▶ _Assigned task_:
Retype all the records below exactly as they are, with no image carried over.

▶ _Dataset excerpts_:
== Segment start ==
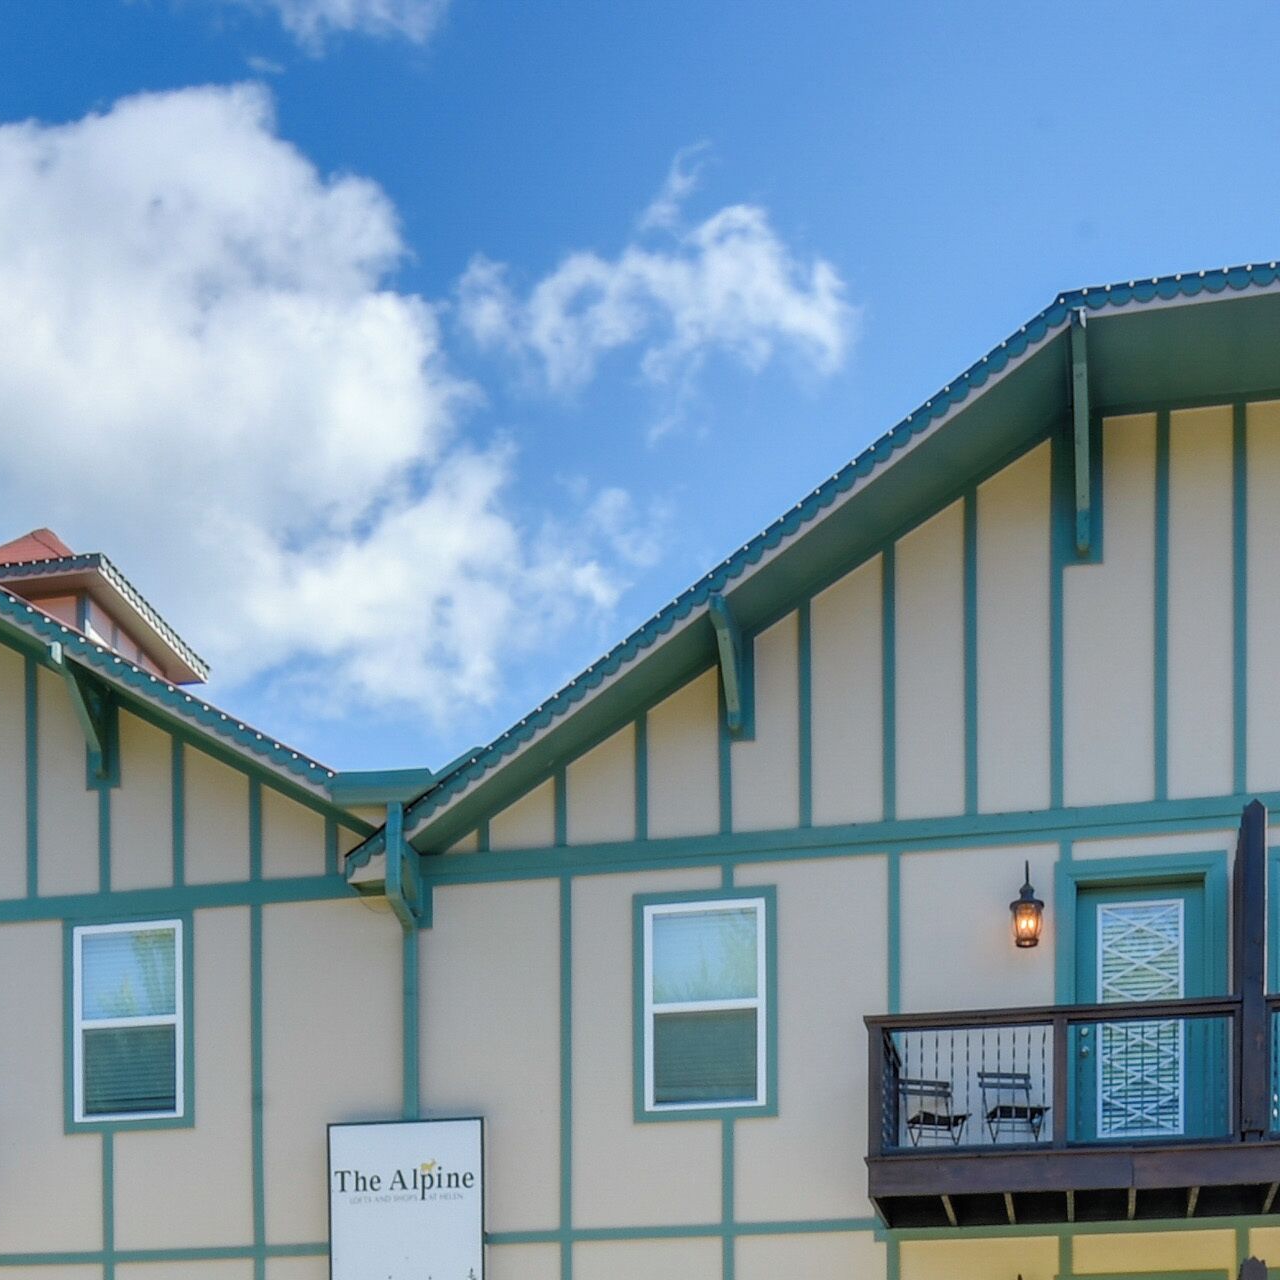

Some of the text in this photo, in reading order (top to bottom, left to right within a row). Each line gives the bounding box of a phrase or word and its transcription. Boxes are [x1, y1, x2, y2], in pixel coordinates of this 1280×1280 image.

[334, 1166, 474, 1201] The Alpine
[375, 1195, 392, 1203] AND
[439, 1192, 464, 1200] HELEN
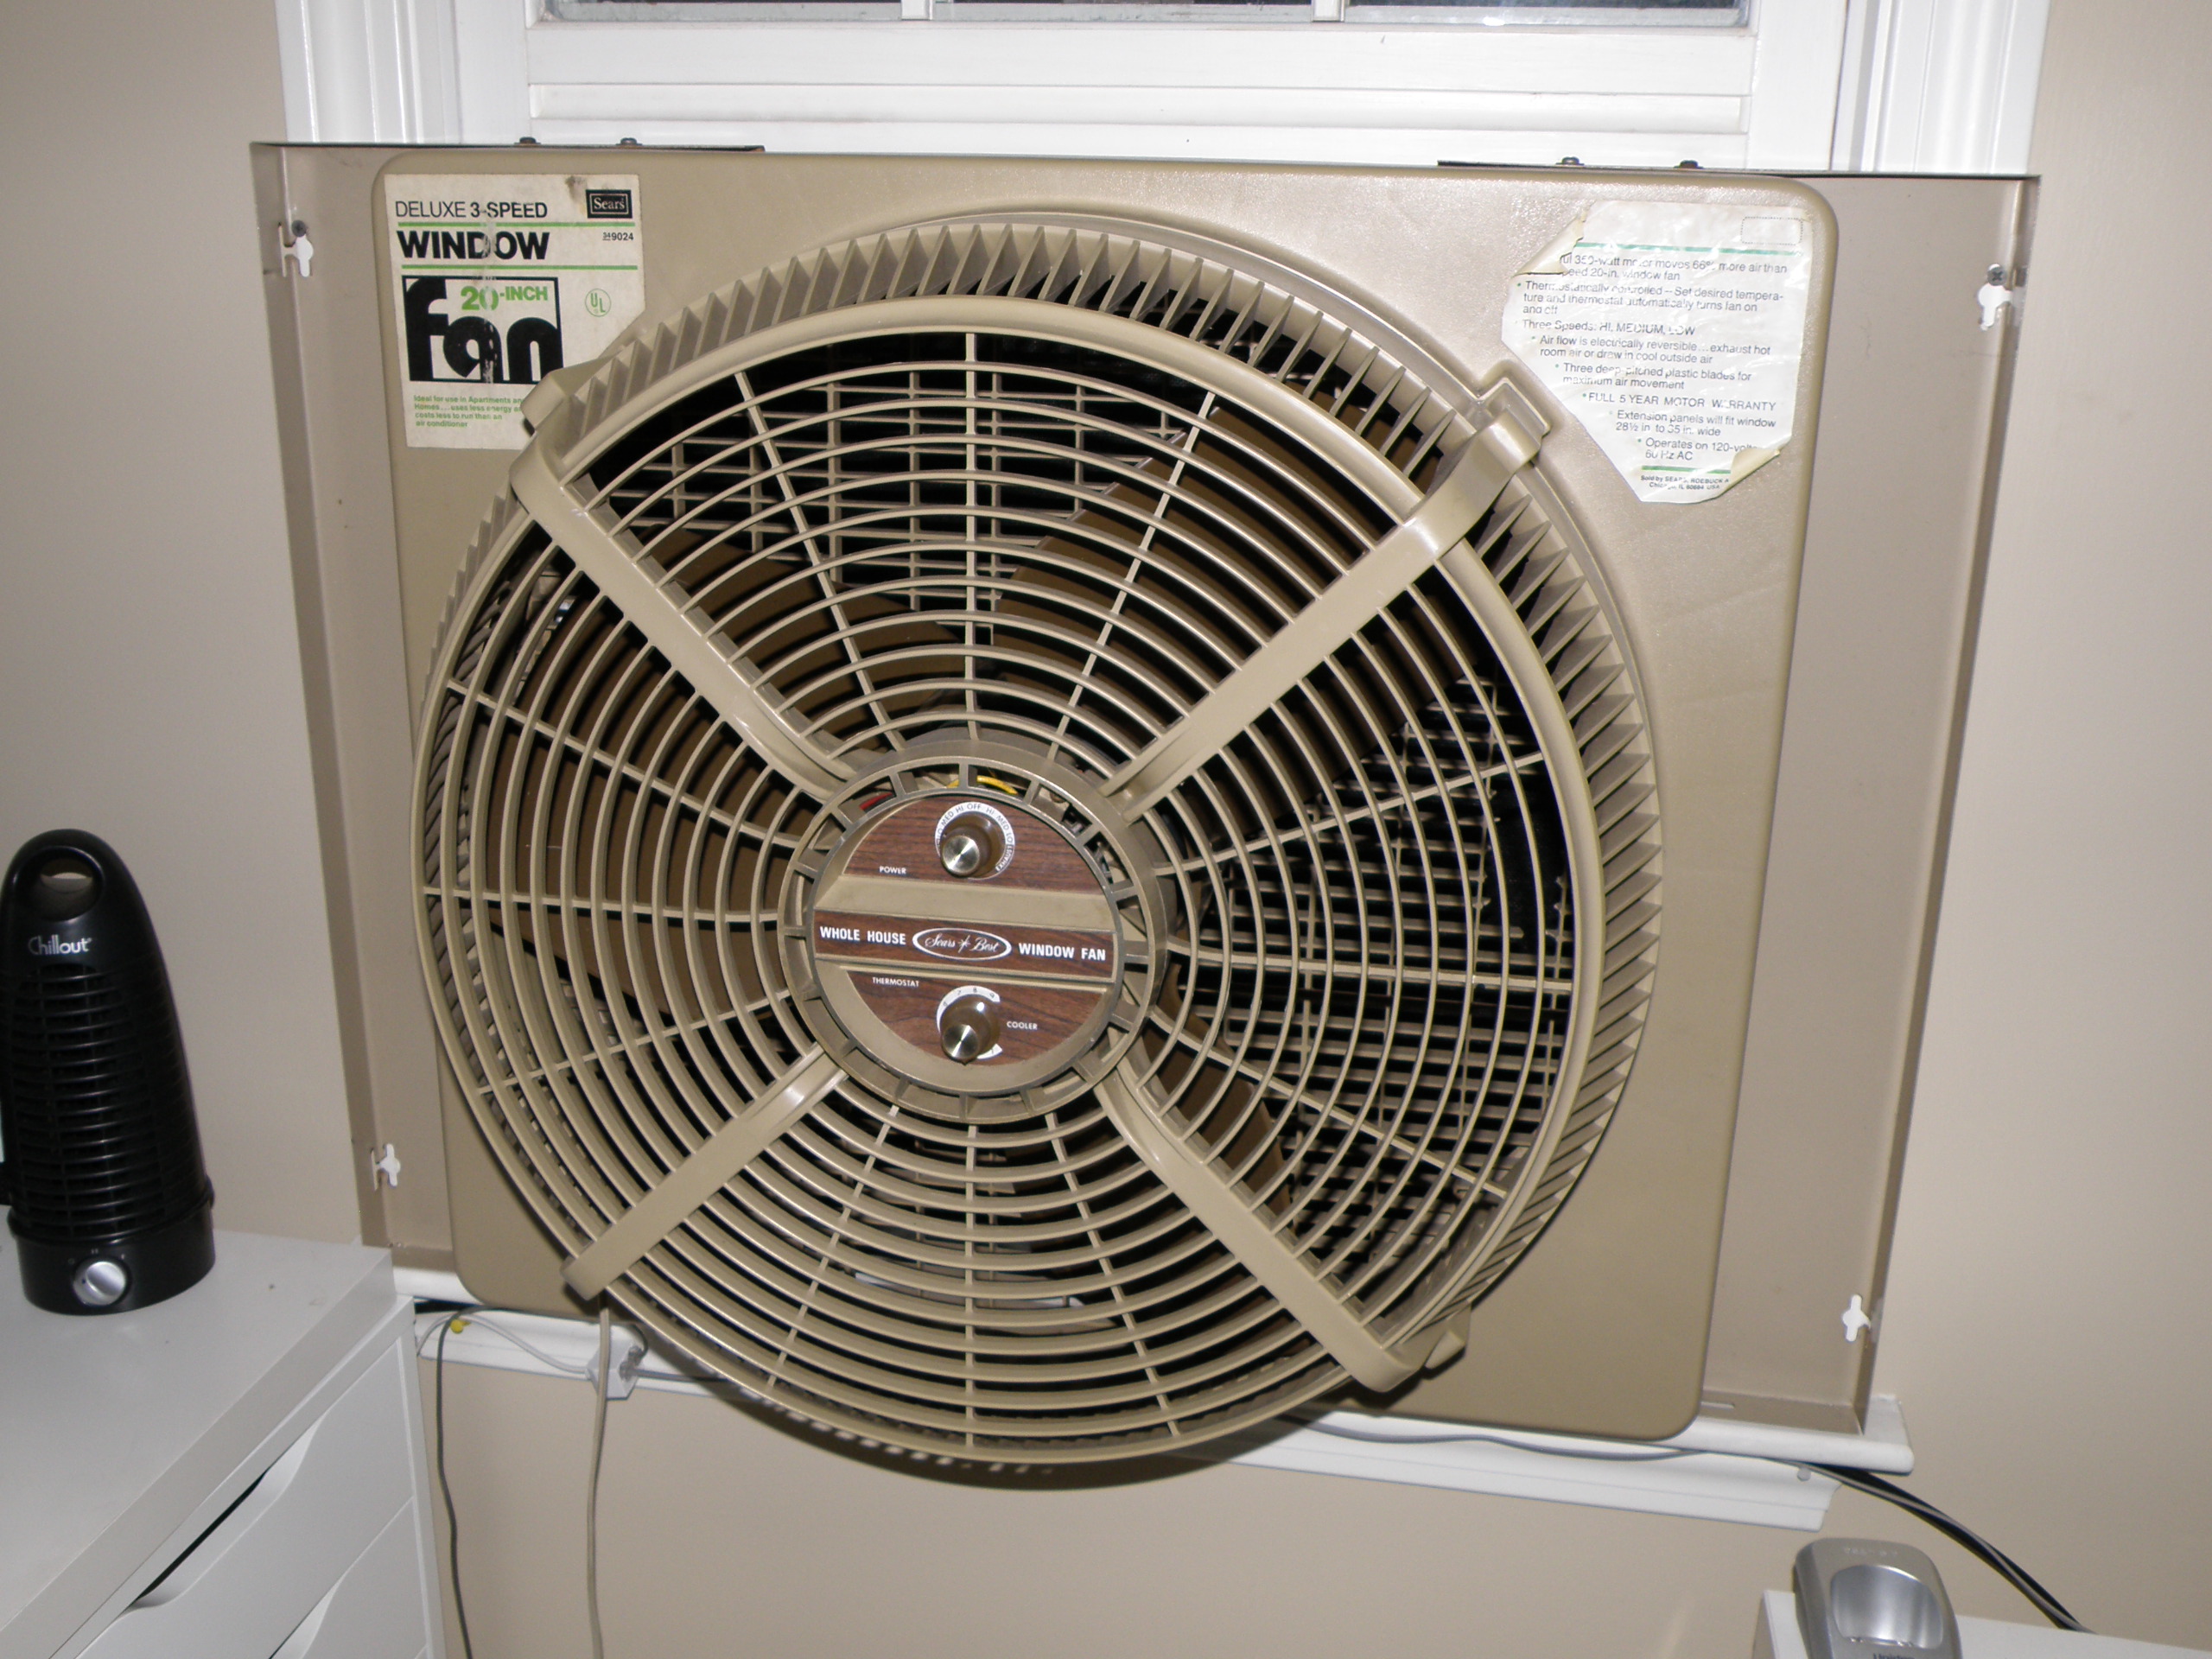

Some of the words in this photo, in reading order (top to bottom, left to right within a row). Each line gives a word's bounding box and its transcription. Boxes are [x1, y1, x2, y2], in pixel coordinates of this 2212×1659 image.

[396, 201, 465, 217] DELUXE
[470, 201, 548, 218] 3-SPEED
[594, 197, 626, 209] Sears
[397, 231, 550, 259] WINDOW
[1656, 260, 1690, 270] moves
[1719, 262, 1746, 271] more
[1749, 263, 1761, 271] air
[1764, 264, 1787, 273] than
[1622, 270, 1662, 280] window
[1664, 271, 1681, 281] fan
[461, 286, 549, 311] 20-INCH
[1675, 286, 1692, 296] Set
[1694, 288, 1733, 298] desired
[1736, 289, 1783, 302] tempera-
[1522, 305, 1542, 315] and
[1523, 293, 1544, 302] ture
[1547, 294, 1566, 303] and
[1568, 294, 1623, 305] thermostat
[1696, 301, 1722, 310] turns
[1725, 302, 1742, 311] fan
[1745, 303, 1758, 312] on
[404, 277, 563, 384] fan
[1522, 319, 1552, 329] Three
[1540, 335, 1554, 345] Air
[1556, 336, 1577, 346] flow
[1580, 336, 1587, 346] is
[1590, 337, 1644, 350] electrically
[1754, 345, 1771, 355] hot
[1569, 348, 1582, 357] air
[1584, 349, 1595, 358] or
[1597, 349, 1622, 359] draw
[1624, 350, 1634, 359] in
[1636, 352, 1657, 361] cool
[1660, 353, 1698, 363] outside
[1700, 354, 1713, 364] air
[1564, 363, 1593, 372] Three
[1665, 368, 1698, 378] plastic
[1700, 369, 1735, 380] blades
[1738, 371, 1752, 381] for
[1615, 378, 1628, 387] air
[1630, 378, 1685, 390] movement
[1588, 392, 1615, 404] FULL
[1619, 394, 1626, 403] 5
[1629, 395, 1659, 405] YEAR
[1664, 396, 1705, 408] MOTOR
[1712, 398, 1777, 411] WRRANTY
[1618, 410, 1668, 422] Extension
[1669, 414, 1704, 424] panels
[1707, 415, 1723, 424] will
[1726, 415, 1735, 425] fit
[1737, 416, 1777, 428] window
[1656, 423, 1665, 433] to
[1668, 424, 1681, 434] 35
[1697, 426, 1721, 436] wide
[1645, 437, 1693, 449] Operates
[1695, 442, 1708, 450] on
[1676, 450, 1694, 461] AC
[880, 866, 906, 875] POWER
[820, 926, 860, 941] WHOLE
[867, 931, 906, 945] HOUSE
[925, 933, 957, 949] Sears
[971, 938, 1000, 953] Best
[29, 934, 90, 955] Chillout
[1019, 943, 1075, 959] WINDOW
[1081, 948, 1106, 961] FAN
[872, 976, 919, 988] THERMOSTAT
[1006, 1020, 1038, 1030] COOLER
== Segment end ==
▶ _Solution for this task_:
Some of the text in this photo, in reading order (top to bottom, left to right within a row). Each line gives the bounding box of a phrase or word and its transcription. Boxes are [x1, y1, x2, y2], in pixel coordinates of this 1280×1280 image.

[334, 1166, 474, 1201] The Alpine
[375, 1195, 392, 1203] AND
[439, 1192, 464, 1200] HELEN

Some of the words in this photo, in reading order (top to bottom, left to right within a row). Each line gives a word's bounding box and its transcription. Boxes are [x1, y1, x2, y2], in pixel coordinates of this 2212×1659 image.

[396, 201, 465, 217] DELUXE
[470, 201, 548, 218] 3-SPEED
[594, 197, 626, 209] Sears
[397, 231, 550, 259] WINDOW
[1656, 260, 1690, 270] moves
[1719, 262, 1746, 271] more
[1749, 263, 1761, 271] air
[1764, 264, 1787, 273] than
[1622, 270, 1662, 280] window
[1664, 271, 1681, 281] fan
[461, 286, 549, 311] 20-INCH
[1675, 286, 1692, 296] Set
[1694, 288, 1733, 298] desired
[1736, 289, 1783, 302] tempera-
[1522, 305, 1542, 315] and
[1523, 293, 1544, 302] ture
[1547, 294, 1566, 303] and
[1568, 294, 1623, 305] thermostat
[1696, 301, 1722, 310] turns
[1725, 302, 1742, 311] fan
[1745, 303, 1758, 312] on
[404, 277, 563, 384] fan
[1522, 319, 1552, 329] Three
[1540, 335, 1554, 345] Air
[1556, 336, 1577, 346] flow
[1580, 336, 1587, 346] is
[1590, 337, 1644, 350] electrically
[1754, 345, 1771, 355] hot
[1569, 348, 1582, 357] air
[1584, 349, 1595, 358] or
[1597, 349, 1622, 359] draw
[1624, 350, 1634, 359] in
[1636, 352, 1657, 361] cool
[1660, 353, 1698, 363] outside
[1700, 354, 1713, 364] air
[1564, 363, 1593, 372] Three
[1665, 368, 1698, 378] plastic
[1700, 369, 1735, 380] blades
[1738, 371, 1752, 381] for
[1615, 378, 1628, 387] air
[1630, 378, 1685, 390] movement
[1588, 392, 1615, 404] FULL
[1619, 394, 1626, 403] 5
[1629, 395, 1659, 405] YEAR
[1664, 396, 1705, 408] MOTOR
[1712, 398, 1777, 411] WRRANTY
[1618, 410, 1668, 422] Extension
[1669, 414, 1704, 424] panels
[1707, 415, 1723, 424] will
[1726, 415, 1735, 425] fit
[1737, 416, 1777, 428] window
[1656, 423, 1665, 433] to
[1668, 424, 1681, 434] 35
[1697, 426, 1721, 436] wide
[1645, 437, 1693, 449] Operates
[1695, 442, 1708, 450] on
[1676, 450, 1694, 461] AC
[880, 866, 906, 875] POWER
[820, 926, 860, 941] WHOLE
[867, 931, 906, 945] HOUSE
[925, 933, 957, 949] Sears
[971, 938, 1000, 953] Best
[29, 934, 90, 955] Chillout
[1019, 943, 1075, 959] WINDOW
[1081, 948, 1106, 961] FAN
[872, 976, 919, 988] THERMOSTAT
[1006, 1020, 1038, 1030] COOLER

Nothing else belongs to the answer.